* ASSIGNED TASK *
With the pictures left aside, write out the entries that follow exactly.

* STUDY MATERIAL *
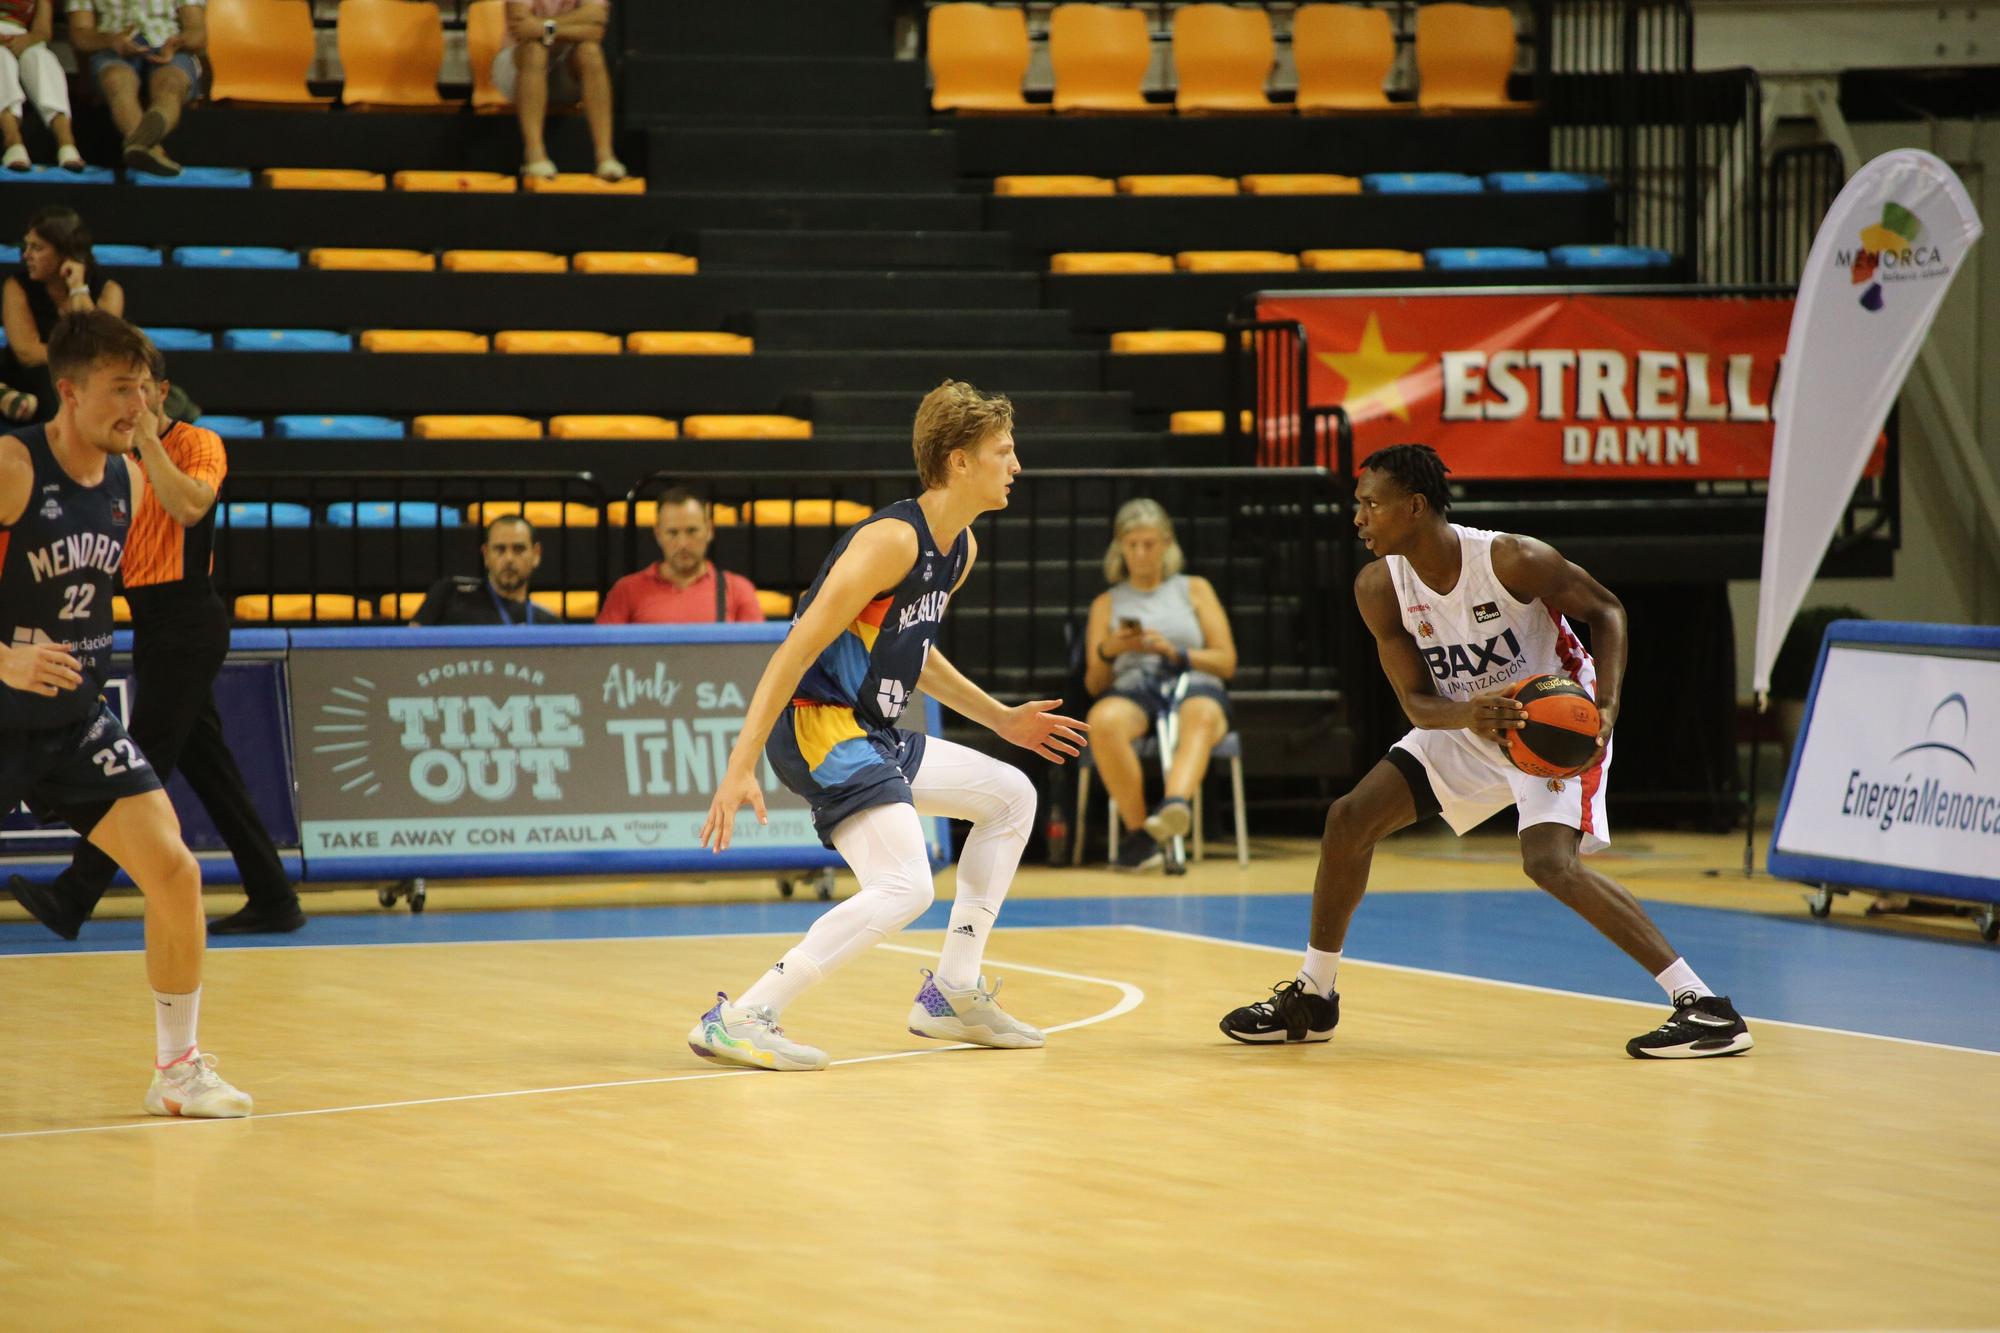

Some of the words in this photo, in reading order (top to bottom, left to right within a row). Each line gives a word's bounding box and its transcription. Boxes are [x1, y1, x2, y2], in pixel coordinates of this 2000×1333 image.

[1835, 246, 1941, 269] MENORCA
[1563, 426, 1700, 465] DAMM
[27, 532, 124, 583] MENORC
[58, 583, 96, 620] 22
[417, 659, 495, 687] SPORTS
[504, 662, 546, 687] BAR
[1420, 627, 1521, 680] BAXI
[695, 681, 747, 710] SA
[387, 693, 585, 750] TIME
[92, 738, 146, 777] 22
[408, 748, 571, 805] OUT
[1841, 768, 2000, 835] EnergíaMenorca
[319, 830, 380, 849] TAKE
[390, 829, 456, 848] AWAY
[466, 827, 515, 845] CON
[526, 825, 617, 845] ATAULA

* RESPONSE *
Some of the words in this photo, in reading order (top to bottom, left to right within a row). Each line gives a word's bounding box and its transcription. Boxes are [x1, y1, x2, y2], in pixel coordinates of this 2000×1333 image.

[1835, 246, 1941, 269] MENORCA
[1563, 426, 1700, 465] DAMM
[27, 532, 124, 583] MENORC
[58, 583, 96, 620] 22
[417, 659, 495, 687] SPORTS
[504, 662, 546, 687] BAR
[1420, 627, 1521, 680] BAXI
[695, 681, 747, 710] SA
[387, 693, 585, 750] TIME
[92, 738, 146, 777] 22
[408, 748, 571, 805] OUT
[1841, 768, 2000, 835] EnergíaMenorca
[319, 830, 380, 849] TAKE
[390, 829, 456, 848] AWAY
[466, 827, 515, 845] CON
[526, 825, 617, 845] ATAULA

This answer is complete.